> **WHAT TO PRODUCE**
Produce a word-for-word copy of the listing below without its pictures.

> **LISTED ENTRIES**
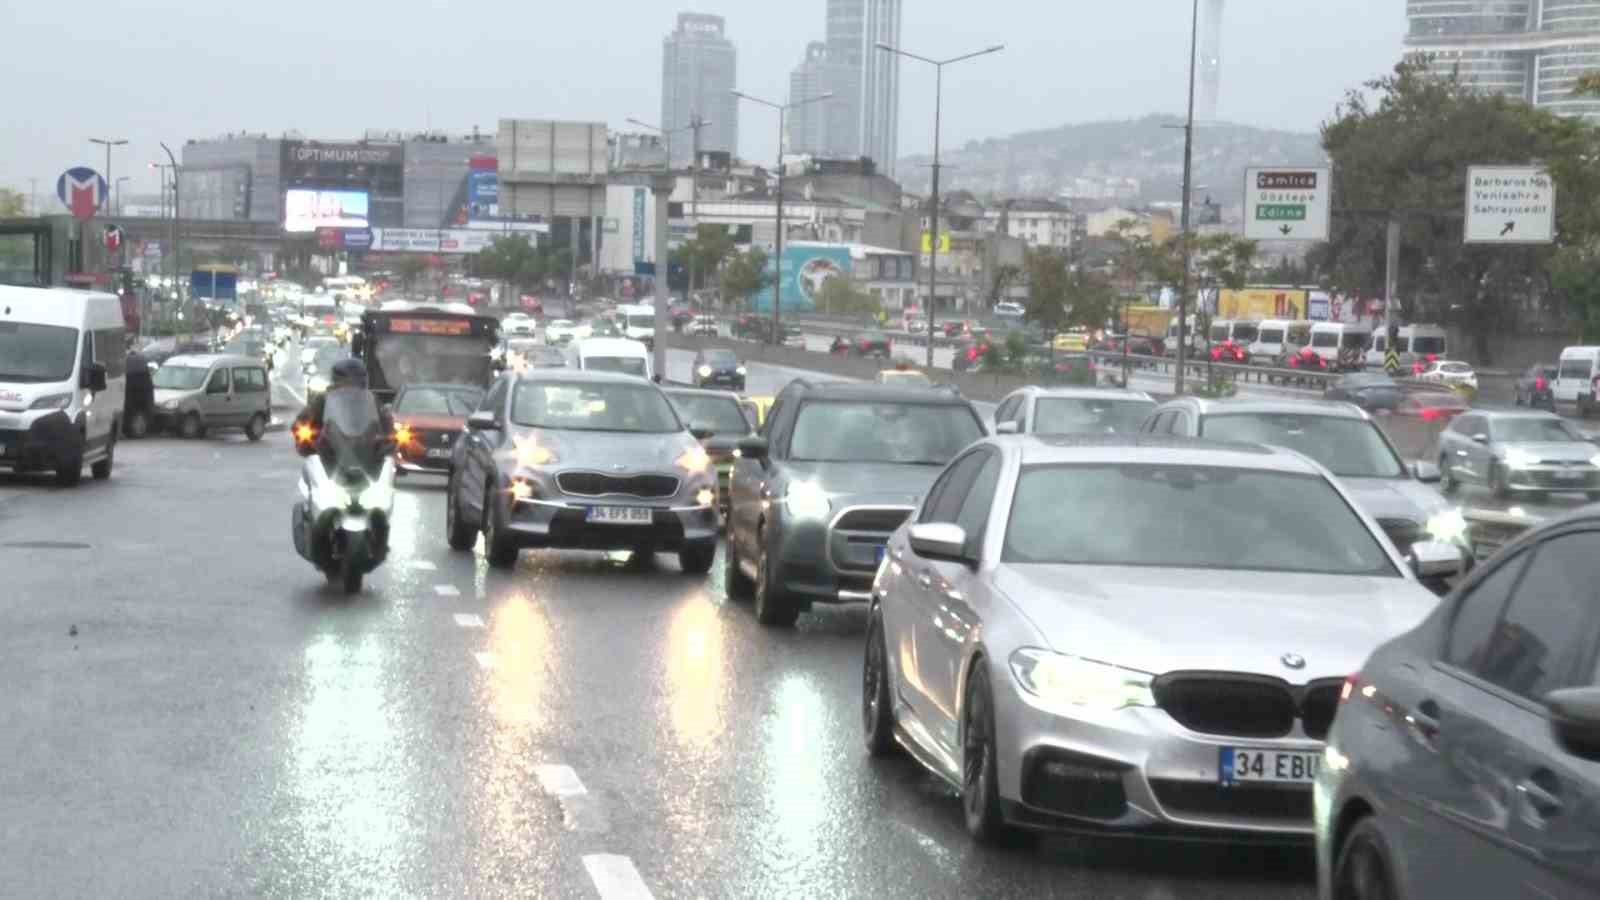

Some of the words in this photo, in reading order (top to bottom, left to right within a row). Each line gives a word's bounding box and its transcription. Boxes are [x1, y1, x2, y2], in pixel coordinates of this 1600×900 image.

[297, 148, 358, 161] OPTIMUM
[1258, 206, 1303, 217] Edirne
[1237, 753, 1265, 778] 34
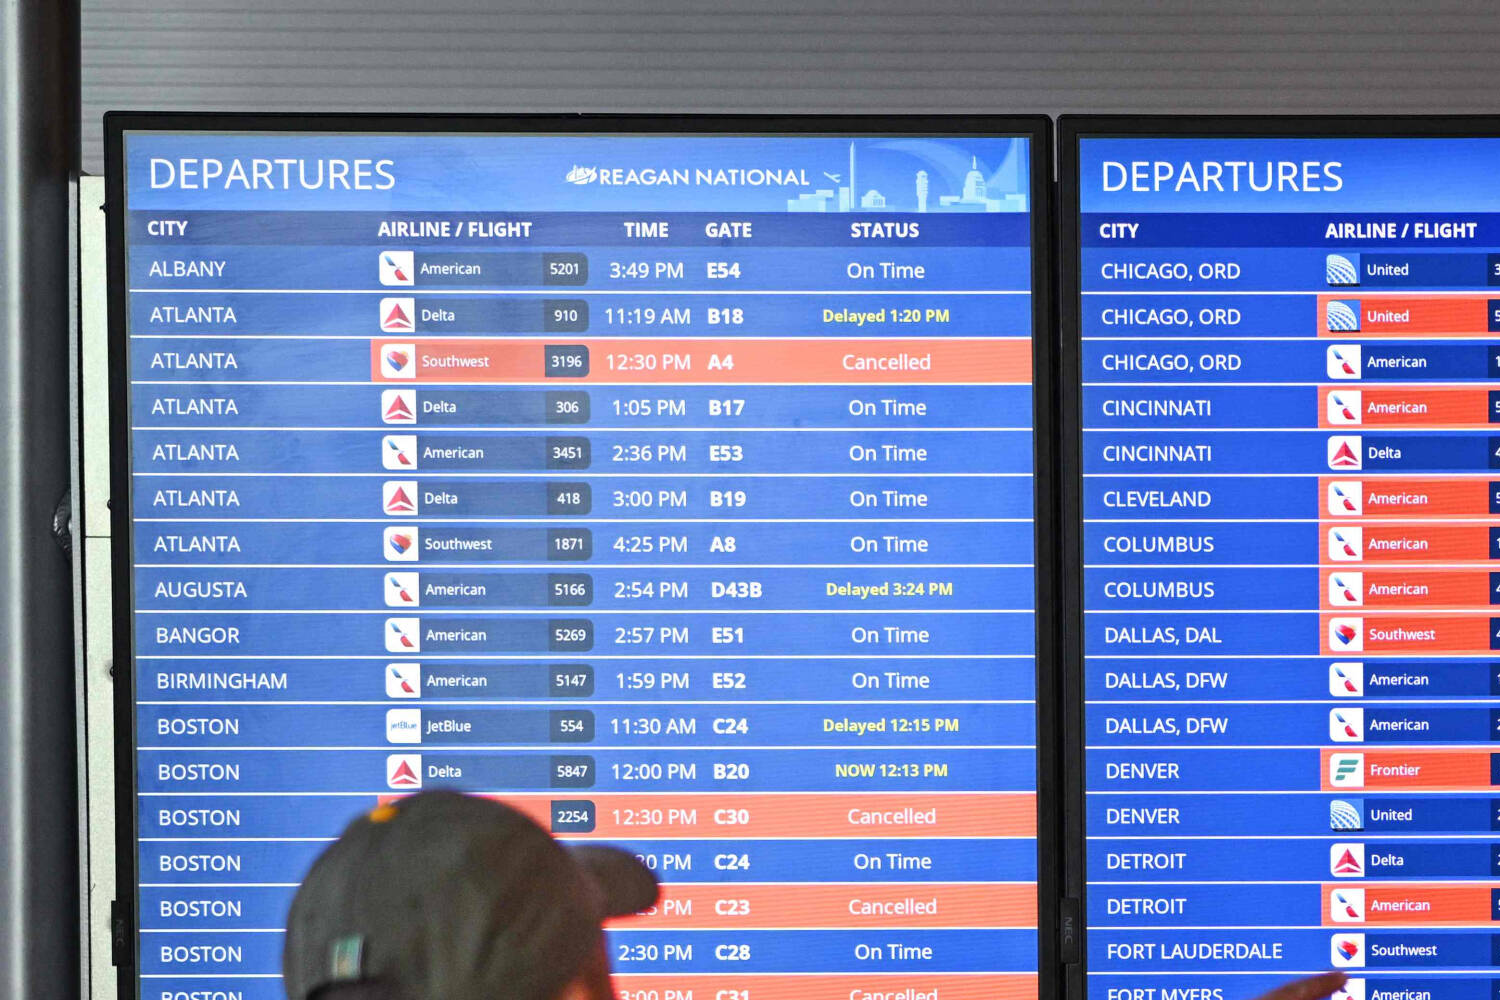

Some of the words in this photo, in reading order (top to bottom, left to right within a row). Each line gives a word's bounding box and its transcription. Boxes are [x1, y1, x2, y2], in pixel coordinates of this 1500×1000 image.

> **TASK RESPONSE**
Some of the words in this photo, in reading order (top to bottom, left to right within a row). Each line gives a word's bounding box and its transcription. Boxes are [x1, y1, x2, y2], in pixel coordinates of this 1600×900 image.

[297, 148, 358, 161] OPTIMUM
[1258, 206, 1303, 217] Edirne
[1237, 753, 1265, 778] 34

Some of the words in this photo, in reading order (top to bottom, left to right within a row). Each line gives a word's bounding box and its transcription. Boxes are [x1, y1, x2, y2], in pixel coordinates of this 1500×1000 image.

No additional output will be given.